$$News and Reports$$

Jul. 02, 2018


Scientists from Ben-Gurion University of the Negev have reported the intrinsic ability of active contractile materials to spontaneously form 3D structures during contraction, in absence of external cues. Their findings were recently published in Nature Communications.

With respect to future applications, these bio-inspired active materials can be used for generating active self-organized three-dimensional structures of defined shape. They may also find applications as biomaterials that can improve human health. In particular, two-dimensional intrinsically contractile sheets may be used in the future as actively functional band-aids that speed up wound healing or in form of beating patches that could support heart function.

A central property of developing plant and animal tissues is their ability to form a diversity of folded patterns and to adopt curved shapes through mechanical instabilities that break the planar symmetry of growing sheets. Shape transitions in developing organisms can be driven by active contractility generated by myosin motor proteins. Yet, the mechanisms generating tissue folding are typically studied in epithelia where the interaction between cells within the tissue presents a major difficulty for studying contraction induced folding.

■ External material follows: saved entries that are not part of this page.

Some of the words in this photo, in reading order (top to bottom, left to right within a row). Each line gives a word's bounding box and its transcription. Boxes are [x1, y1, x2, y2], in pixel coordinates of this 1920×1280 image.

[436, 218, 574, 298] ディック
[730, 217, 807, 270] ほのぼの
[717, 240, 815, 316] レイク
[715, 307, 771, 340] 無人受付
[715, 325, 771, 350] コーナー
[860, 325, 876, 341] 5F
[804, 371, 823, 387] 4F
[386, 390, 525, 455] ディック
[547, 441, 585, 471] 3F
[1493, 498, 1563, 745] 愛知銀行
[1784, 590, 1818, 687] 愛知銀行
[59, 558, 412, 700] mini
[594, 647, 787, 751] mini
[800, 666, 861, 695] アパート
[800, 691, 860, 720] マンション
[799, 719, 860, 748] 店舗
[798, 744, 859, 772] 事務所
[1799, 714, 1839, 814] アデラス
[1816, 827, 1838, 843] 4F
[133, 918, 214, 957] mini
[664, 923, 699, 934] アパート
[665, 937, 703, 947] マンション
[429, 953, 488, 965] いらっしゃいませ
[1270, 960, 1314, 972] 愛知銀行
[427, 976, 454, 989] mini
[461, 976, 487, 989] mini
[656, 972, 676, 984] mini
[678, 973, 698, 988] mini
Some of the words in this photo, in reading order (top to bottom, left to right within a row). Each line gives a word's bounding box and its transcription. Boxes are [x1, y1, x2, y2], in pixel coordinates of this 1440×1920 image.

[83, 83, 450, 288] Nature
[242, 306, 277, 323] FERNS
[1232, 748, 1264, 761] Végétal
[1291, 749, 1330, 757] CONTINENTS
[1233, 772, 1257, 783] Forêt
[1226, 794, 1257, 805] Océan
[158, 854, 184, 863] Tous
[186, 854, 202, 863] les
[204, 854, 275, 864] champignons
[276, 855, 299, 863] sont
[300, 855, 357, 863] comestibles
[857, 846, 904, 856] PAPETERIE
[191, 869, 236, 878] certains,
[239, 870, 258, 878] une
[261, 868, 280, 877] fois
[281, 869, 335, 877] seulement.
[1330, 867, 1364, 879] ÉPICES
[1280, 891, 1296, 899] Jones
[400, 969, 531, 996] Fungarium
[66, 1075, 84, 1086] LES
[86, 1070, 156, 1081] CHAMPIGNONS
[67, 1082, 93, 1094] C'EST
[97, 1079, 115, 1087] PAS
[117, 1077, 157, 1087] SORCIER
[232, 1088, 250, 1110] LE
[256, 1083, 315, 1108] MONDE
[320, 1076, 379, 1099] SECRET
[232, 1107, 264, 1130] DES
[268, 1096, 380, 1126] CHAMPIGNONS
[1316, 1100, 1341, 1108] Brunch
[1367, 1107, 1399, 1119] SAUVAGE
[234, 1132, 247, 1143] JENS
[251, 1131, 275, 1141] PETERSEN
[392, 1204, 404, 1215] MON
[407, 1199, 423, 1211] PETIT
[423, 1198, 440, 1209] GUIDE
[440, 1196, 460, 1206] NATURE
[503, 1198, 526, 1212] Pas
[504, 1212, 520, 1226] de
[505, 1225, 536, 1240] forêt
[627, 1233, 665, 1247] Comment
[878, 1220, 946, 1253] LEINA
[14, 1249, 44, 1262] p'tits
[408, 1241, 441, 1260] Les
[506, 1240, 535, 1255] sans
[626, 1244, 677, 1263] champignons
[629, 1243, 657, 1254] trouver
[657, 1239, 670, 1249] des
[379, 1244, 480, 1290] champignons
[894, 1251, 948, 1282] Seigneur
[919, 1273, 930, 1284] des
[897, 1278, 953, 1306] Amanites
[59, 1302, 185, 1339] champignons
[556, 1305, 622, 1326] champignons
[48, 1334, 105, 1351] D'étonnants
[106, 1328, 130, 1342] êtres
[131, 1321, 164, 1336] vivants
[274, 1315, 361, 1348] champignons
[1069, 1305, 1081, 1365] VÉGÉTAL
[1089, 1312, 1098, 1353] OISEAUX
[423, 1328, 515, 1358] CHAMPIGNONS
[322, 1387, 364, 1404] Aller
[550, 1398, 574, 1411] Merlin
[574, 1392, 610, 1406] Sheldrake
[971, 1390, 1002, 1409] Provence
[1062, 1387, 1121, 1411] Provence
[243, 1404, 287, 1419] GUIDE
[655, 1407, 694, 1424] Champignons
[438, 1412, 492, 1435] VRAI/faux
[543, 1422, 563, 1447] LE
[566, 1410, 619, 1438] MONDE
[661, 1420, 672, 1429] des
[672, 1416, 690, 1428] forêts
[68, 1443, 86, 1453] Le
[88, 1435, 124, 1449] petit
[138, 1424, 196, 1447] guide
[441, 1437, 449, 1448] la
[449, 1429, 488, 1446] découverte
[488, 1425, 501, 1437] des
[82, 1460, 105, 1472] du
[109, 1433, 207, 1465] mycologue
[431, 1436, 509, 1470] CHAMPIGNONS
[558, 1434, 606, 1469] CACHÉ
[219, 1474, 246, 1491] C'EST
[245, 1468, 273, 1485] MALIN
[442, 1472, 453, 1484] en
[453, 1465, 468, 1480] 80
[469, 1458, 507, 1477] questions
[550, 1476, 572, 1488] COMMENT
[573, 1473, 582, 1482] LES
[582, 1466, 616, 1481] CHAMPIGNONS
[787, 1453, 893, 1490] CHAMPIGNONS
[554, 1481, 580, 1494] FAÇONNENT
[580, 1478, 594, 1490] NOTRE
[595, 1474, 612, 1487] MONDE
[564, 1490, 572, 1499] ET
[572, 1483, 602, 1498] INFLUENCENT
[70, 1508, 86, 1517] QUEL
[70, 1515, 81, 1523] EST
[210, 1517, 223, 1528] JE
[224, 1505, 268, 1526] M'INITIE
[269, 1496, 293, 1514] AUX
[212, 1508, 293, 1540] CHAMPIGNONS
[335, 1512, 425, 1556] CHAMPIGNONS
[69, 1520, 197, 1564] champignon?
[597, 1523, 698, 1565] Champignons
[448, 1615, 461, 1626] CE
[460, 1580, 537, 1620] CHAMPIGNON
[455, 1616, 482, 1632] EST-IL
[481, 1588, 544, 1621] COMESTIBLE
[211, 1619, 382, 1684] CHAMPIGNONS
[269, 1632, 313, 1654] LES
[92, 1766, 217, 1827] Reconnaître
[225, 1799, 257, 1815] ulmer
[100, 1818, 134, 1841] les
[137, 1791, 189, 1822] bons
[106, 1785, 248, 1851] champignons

Recently, the group of Prof. Anne Bernheim-Groswasser (pictured above) from the Department of Chemical Engineering and The Ilse Katz Institute for Nanoscale Science and Technology​ in collaboration with Prof. Karsten Kruse (Geneva University) and Prof. Sam Safran (Weizmann Institute of Science) demonstrated that initially homogeneous, thin gel sheets composed of actin filaments and m​yosin motors, isolated from bounding surfaces can spontaneously contract and fold. These authors showed that the buckling instability resulted from system self-organization and the spontaneous emergence of density gradients driven by the active contractility. These new findings demonstrate that buckling can be spontaneously generated by active contractility and does not require mechanical coupling to the environment or pre-imposed gradients in the material properties of the sheet.